START Extracted material

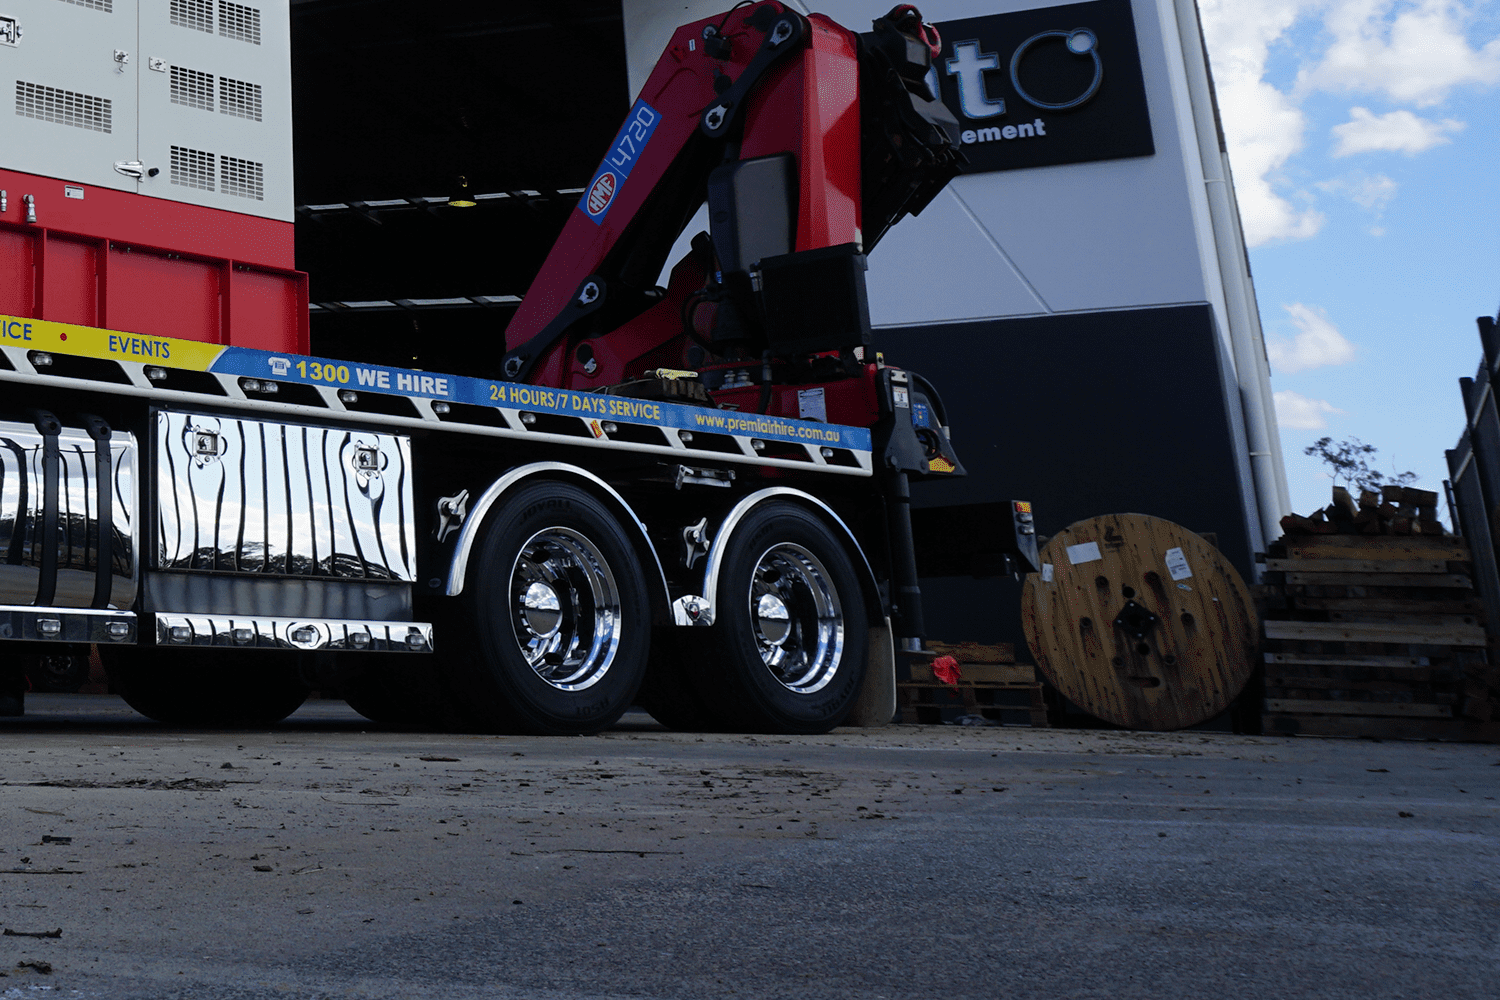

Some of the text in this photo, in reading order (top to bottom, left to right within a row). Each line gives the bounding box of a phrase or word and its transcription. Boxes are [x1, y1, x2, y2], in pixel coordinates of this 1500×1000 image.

[960, 117, 1047, 145] ement
[589, 106, 655, 212] HMF 4720
[108, 334, 171, 359] EVENTS
[296, 360, 449, 396] 1300 WE HIRE
[489, 384, 660, 420] 24 HOURS/7 DAYS SERVICE
[695, 412, 841, 443] www.premiairhire.com.au
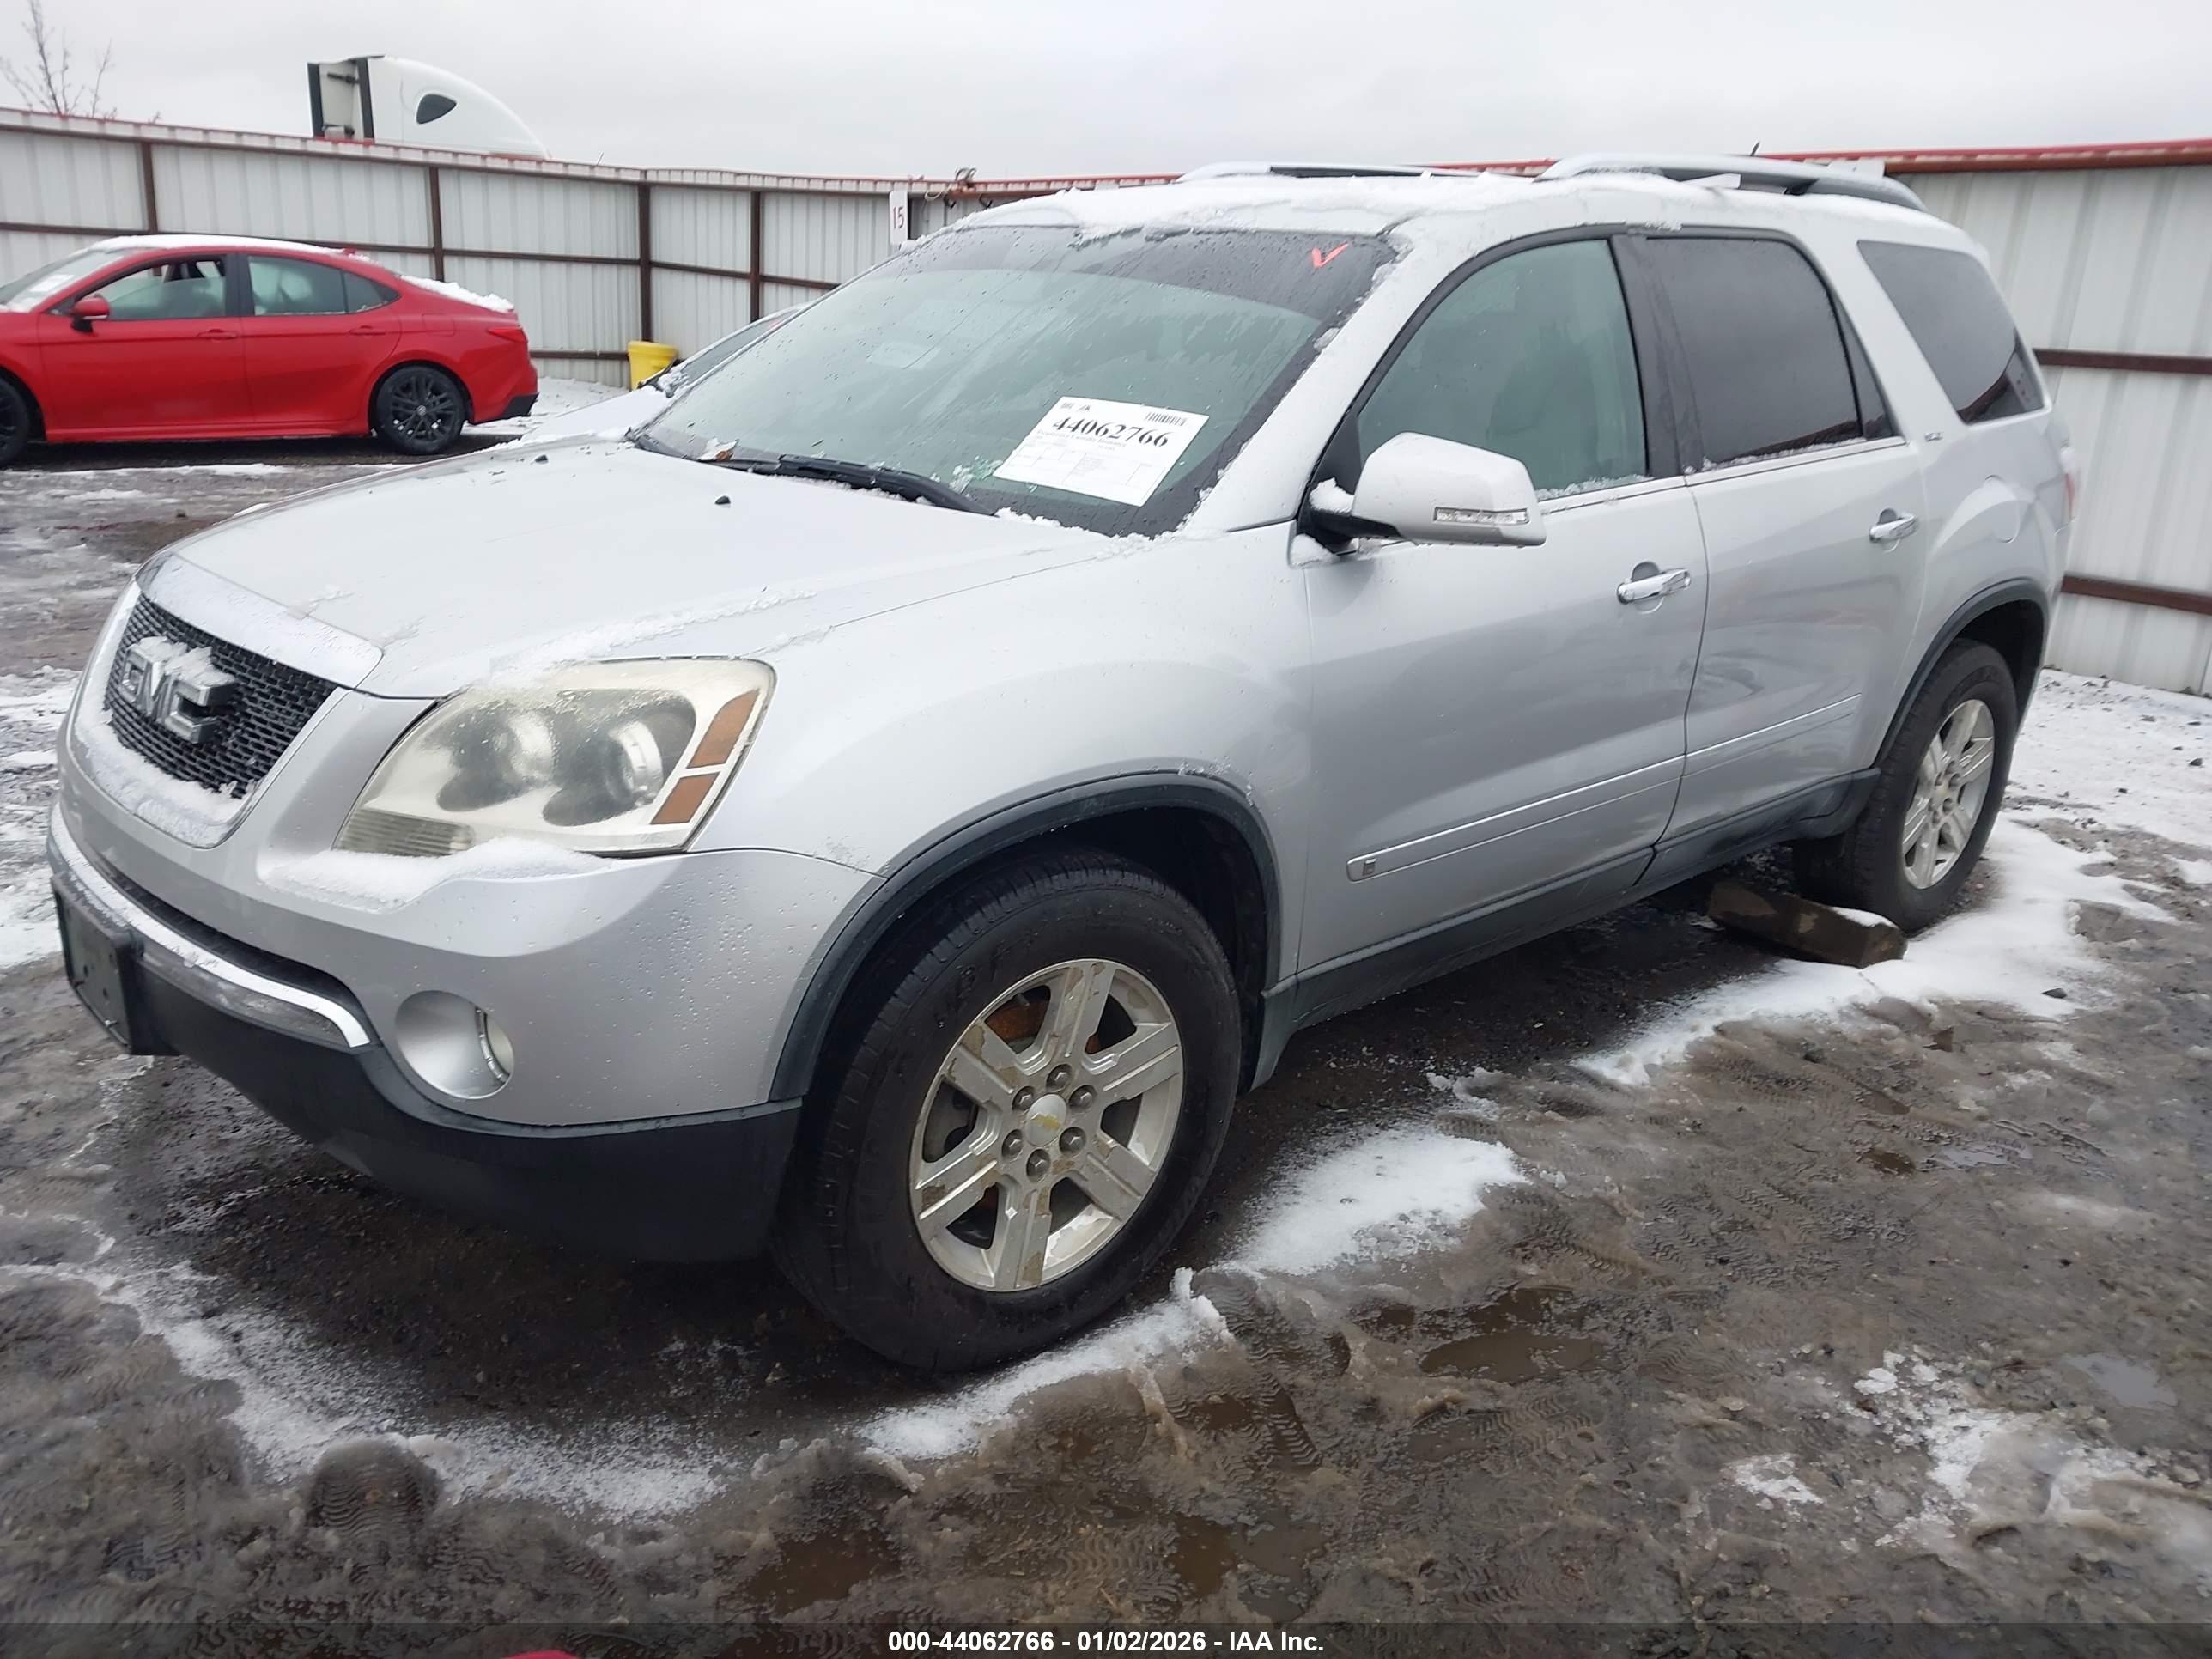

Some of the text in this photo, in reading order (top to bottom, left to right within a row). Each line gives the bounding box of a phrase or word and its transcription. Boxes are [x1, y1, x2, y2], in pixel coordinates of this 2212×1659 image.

[892, 205, 905, 229] 15
[1053, 416, 1173, 447] 44062766
[119, 641, 223, 744] GMC

END Extracted material

_Your task_. Write the entries out again word for word. Omit all pictures from them.

_Expected output_.
Some of the text in this photo, in reading order (top to bottom, left to right within a row). Each line gives the bounding box of a phrase or word and its transcription. Boxes are [x1, y1, x2, y2], in pixel coordinates of this 1500×1000 image.

[960, 117, 1047, 145] ement
[589, 106, 655, 212] HMF 4720
[108, 334, 171, 359] EVENTS
[296, 360, 449, 396] 1300 WE HIRE
[489, 384, 660, 420] 24 HOURS/7 DAYS SERVICE
[695, 412, 841, 443] www.premiairhire.com.au

Some of the text in this photo, in reading order (top to bottom, left to right within a row). Each line gives the bounding box of a phrase or word and its transcription. Boxes are [x1, y1, x2, y2], in pixel coordinates of this 2212×1659 image.

[892, 205, 905, 229] 15
[1053, 416, 1173, 447] 44062766
[119, 641, 223, 744] GMC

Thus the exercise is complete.